AMSP erfasst alle Arten von UAW von psychischer Veränderung bis zur Blasenstörung, wenn sie das Kriterium „schwer“ erfüllen und unter Psychopharmaka auftreten. Als Psychopharmaka im weiteren Sinne gelten auch Antiepileptika und Antiparkinsonmittel, da diese auch bei psychiatrischen Patienten häufig eingesetzt werden. AMSP überwacht Patienten aller Diagnosekategorien und jeden Alters. Von Seiten des Projekts werden keinerlei Vorgaben gemacht. Es wird viel mehr beobachtet, was sich im klinischen Alltag an unerwünschten Arzneimittelwirkungen ereignet, wenn die Ärzte nach ihrem eigenen Urteil behandeln,.

AMSP erfasst in den teilnehmenden Klinken alle schweren UAW-, Todesfälle, Suizide und nach Möglichkeit auch zur stationären Aufnahme führende UAW. Wann eine UAW nach AMSP „schwer“ ist, wurde in projektinternen Definitionen detailliert festgelegt. Wichtige Kriterien sind allgemein, dass die UAW lebensbedrohlich ist, eine erhebliche Gesundheitsgefährdung darstellt, oder den Patienten in seiner Funktionsfähigkeit im Alltag erkennbar deutlich beeinträchtigt.

Beispiele sind Delir, Krampfanfall, Bewegungsstörungen, die den Patienten in seinem Alltag behindern. Bei internistischen Komplikationen wurden jeweils Experten der Fachgebiete zugezogen, so gilt z.B. eine Leberwerterhöhung als schwer, wenn die Werte mehr als das fünffache der Norm überschreiten.

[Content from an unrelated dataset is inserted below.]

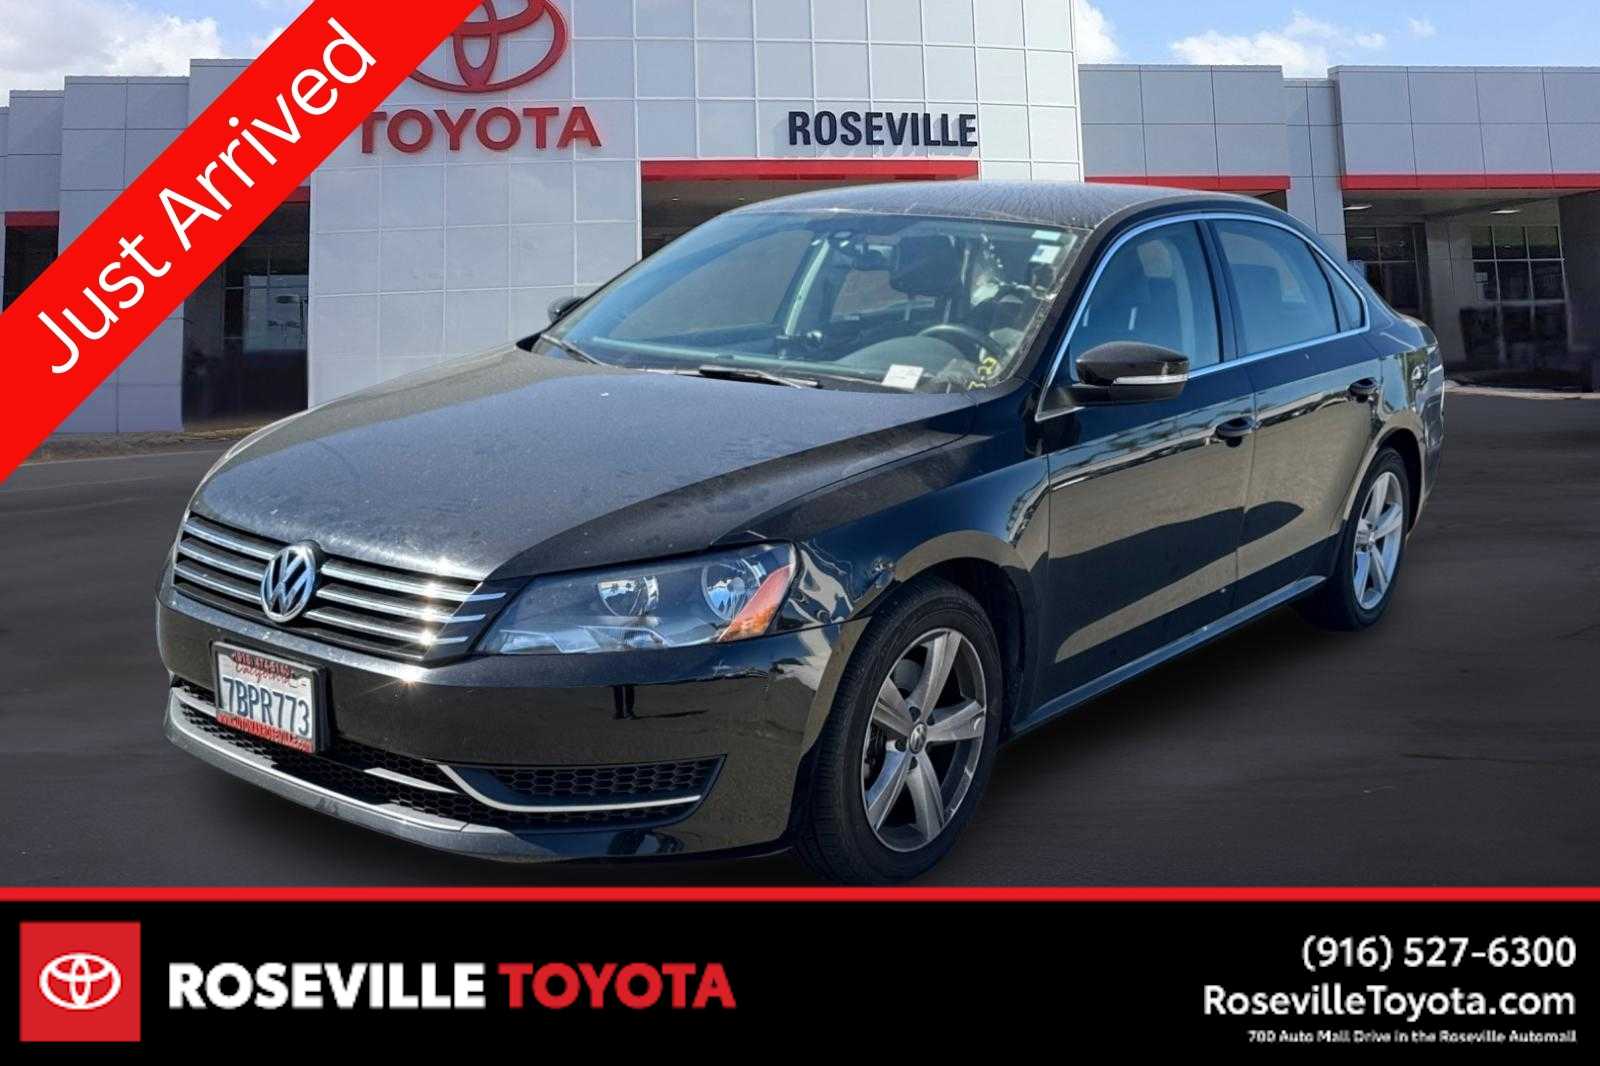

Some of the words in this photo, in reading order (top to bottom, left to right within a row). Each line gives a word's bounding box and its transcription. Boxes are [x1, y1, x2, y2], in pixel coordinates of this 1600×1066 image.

[361, 106, 602, 153] TOYOTA
[788, 110, 978, 147] ROSEVILLE
[222, 676, 309, 736] 7BPR773

Die Fallerfassung erfolgt durch Ärzte, die regelmäßig die Kollegen auf den Stationen darauf ansprechen. Die Dokumentation findet auf vorgegebenen Formularen statt und beinhaltet neben den Patientendaten eine genaue Beschreibung des Ablaufs der UAW, mögliche Risikofaktoren, Alternativerklärungen, den genauen Medikationsverlauf vor der UAW, Maßnahmen und Weiterbehandlung.

Nach eingehender Diskussion und Beurteilung werden die Fälle in eine Datenbank eingegeben, dem BfArm und den betroffenen Herstellern gemeldet, und in regelmäßigen Abständen ausgewertet.

Von 1993 bis 2007 wurden etwa 260.000 Patienten insgesamt überwacht. Im gleichen Zeitraum wurden 4.090 schwere UAW-Fälle registriert; aktuell sind insgesamt 6.150 (haben wir so viele „nicht schwere“ Fälle?) Fälle in der Datenbank registriert. Derzeit werden etwa 30.000 Patienten pro Jahr überwacht.

An zwei Stichtagen pro Jahr wird die Anwendungshäufigkeit der einzelnen Psychopharmaka auf den überwachten Stationen erfasst. Diese Daten dienen zur Abschätzung der relativen Häufigkeit von unerwünschten Arzneimittelwirkungen bei einzelnen Medikamenten.

Das AMSP-Projekt wird derzeit nicht öffentlich gefördert. Eine finanzielle Unterstützung erfolgt durch die pharmazeutische Industrie in der Form, dass die Mehrzahl der in Deutschland tätigen und im ZNS-Bereich forschenden Arzneimittelhersteller das Projekt durch eine Beitrag zu einem Gesamtpool unterstützen. Dieser deckt die tatsächlich anfallenden Kosten jedoch nur zum Teil; eine erhebliche Eigenleistung erfolgt durch die teilnehmenden Kliniken.